Empagliflozin (EMPA) is a SGLT-2 inhibitor that has positive effects on cardiovascular outcomes. In this study, we aim to evaluate the possible protective effects of EMPA against doxorubicin (DOX)-induced acute cardiotoxicity. Non-diabetic Sprague–Dawley rats were randomized into four groups. The control group received serum physiologic (1 ml), the EMPA group received EMPA, the DOX group was administered cumulatively 18 mg/kg body weight DOX. The DOX+EMPA group was administered DOX and EMPA. In the DOX group, LVDED (P < 0.05) and LVSED ( P < 0.01), QTc interval ( P < 0.001), the ratio of karyolysis and karyorrhexis ( P < 0.001) and infiltrative cell proliferation ( P < 0.001) were found to be higher than; EF, FS and normal cell morphology were lower than the control group ( P < 0.001).

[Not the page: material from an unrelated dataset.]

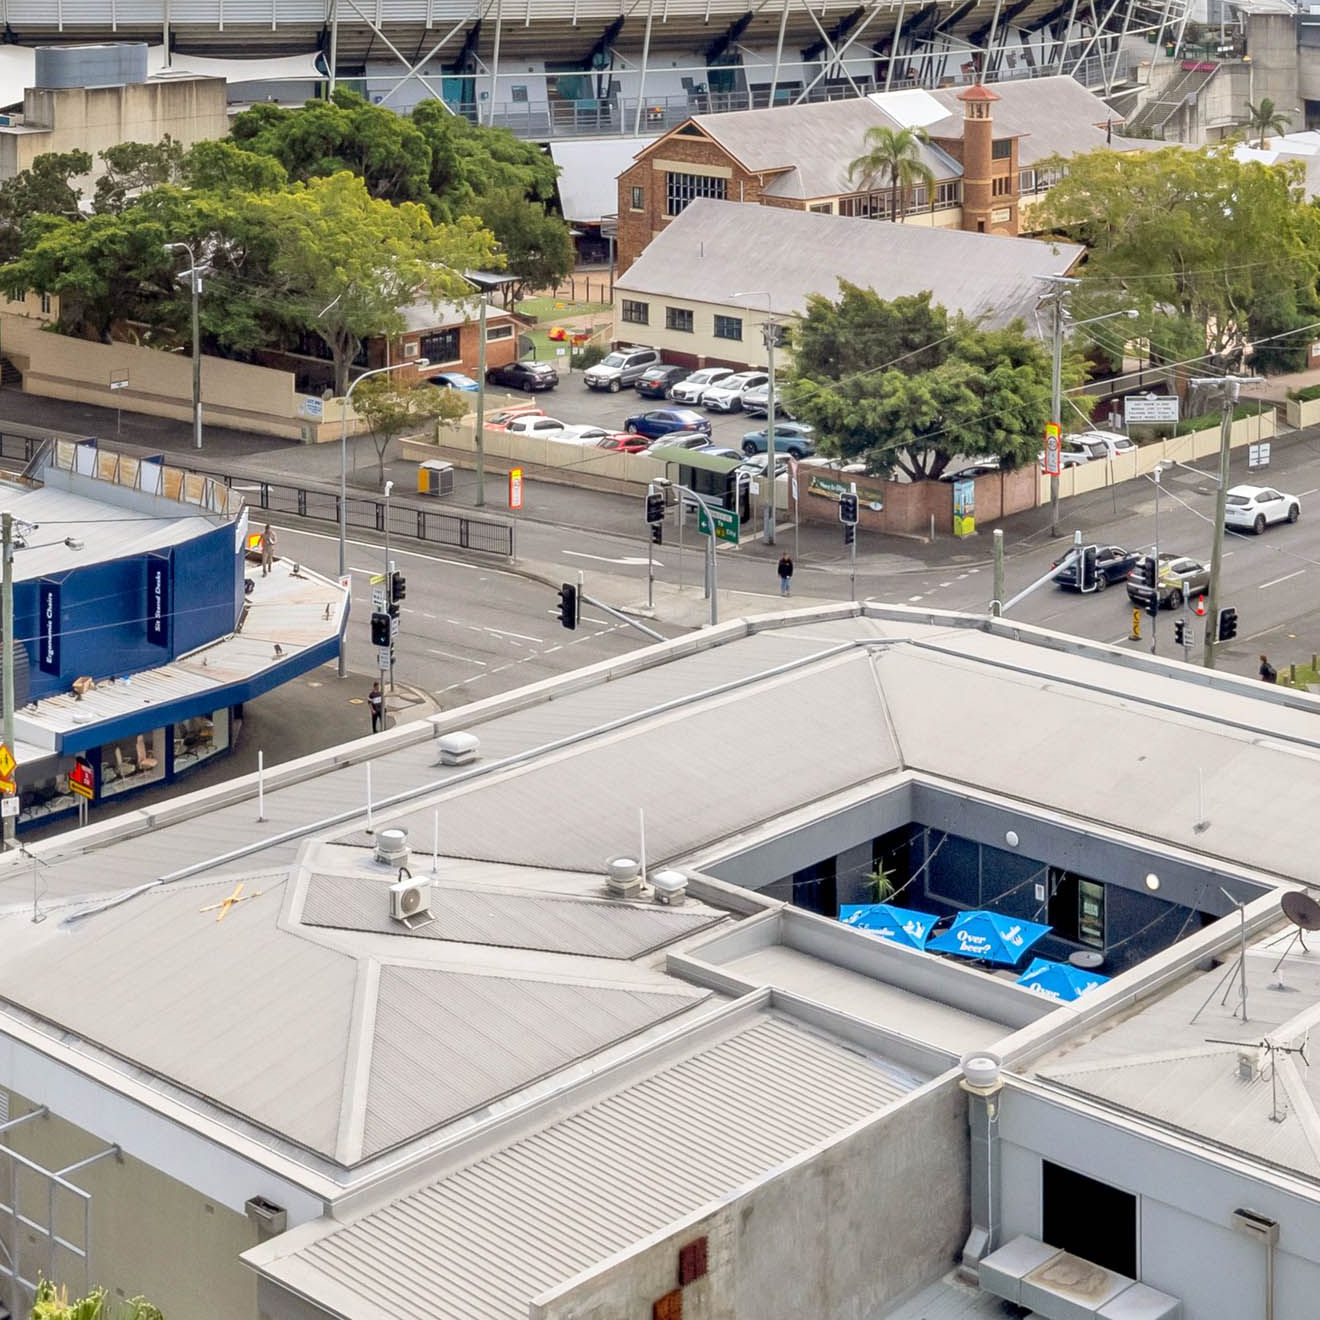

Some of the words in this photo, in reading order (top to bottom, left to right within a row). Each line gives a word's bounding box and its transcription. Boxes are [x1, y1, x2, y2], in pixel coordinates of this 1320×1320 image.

In the DOX+EMPA group, LVEDD ( P < 0.05) and LVESD ( P < 0.01) values, QTc interval ( P < 0.001), karyolysis and karyorrhexis ratios ( P < 0.001) and infiltrative cell proliferation were lower ( P < 0.01); normal cell morphology and EF were higher compared to the DOX group ( P < 0.001). Our results showed that empagliflozin significantly ameliorated DOX-induced acute cardiotoxicity.